## [Activity]
Transcribe the records that follow. Keep every word exactly, and drop the pictures.

## [Text-to-region grounding data]
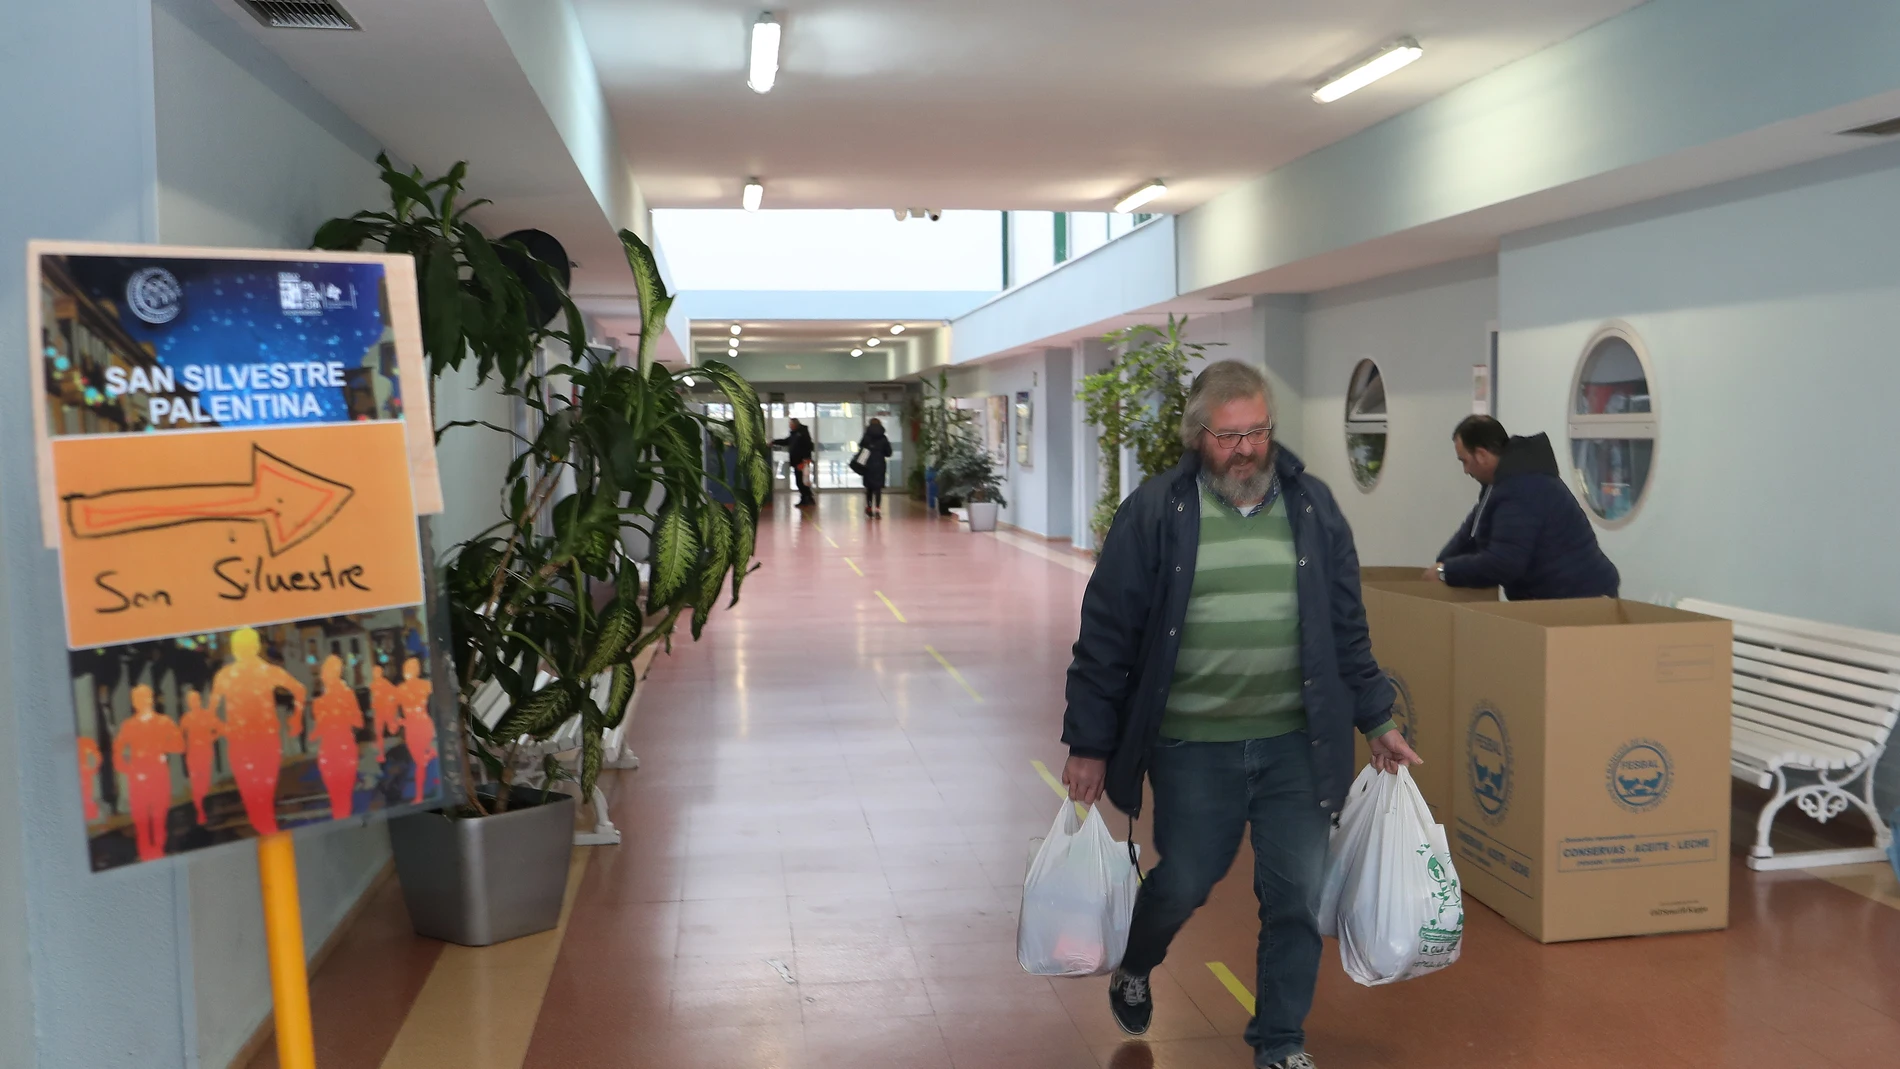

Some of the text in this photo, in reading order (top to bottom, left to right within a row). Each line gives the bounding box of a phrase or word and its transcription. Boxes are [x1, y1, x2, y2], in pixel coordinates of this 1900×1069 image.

[105, 361, 348, 396] SAN SILVESTRE
[148, 393, 323, 425] PALENTINA
[95, 571, 174, 613] San
[1563, 845, 1626, 858] CONSERVAS
[1634, 841, 1670, 853] ACEITE
[1678, 838, 1710, 850] LECHE

## [Answer for this exercise]
Some of the text in this photo, in reading order (top to bottom, left to right within a row). Each line gives the bounding box of a phrase or word and its transcription. Boxes are [x1, y1, x2, y2], in pixel coordinates of this 1900×1069 image.

[105, 361, 348, 396] SAN SILVESTRE
[148, 393, 323, 425] PALENTINA
[95, 571, 174, 613] San
[1563, 845, 1626, 858] CONSERVAS
[1634, 841, 1670, 853] ACEITE
[1678, 838, 1710, 850] LECHE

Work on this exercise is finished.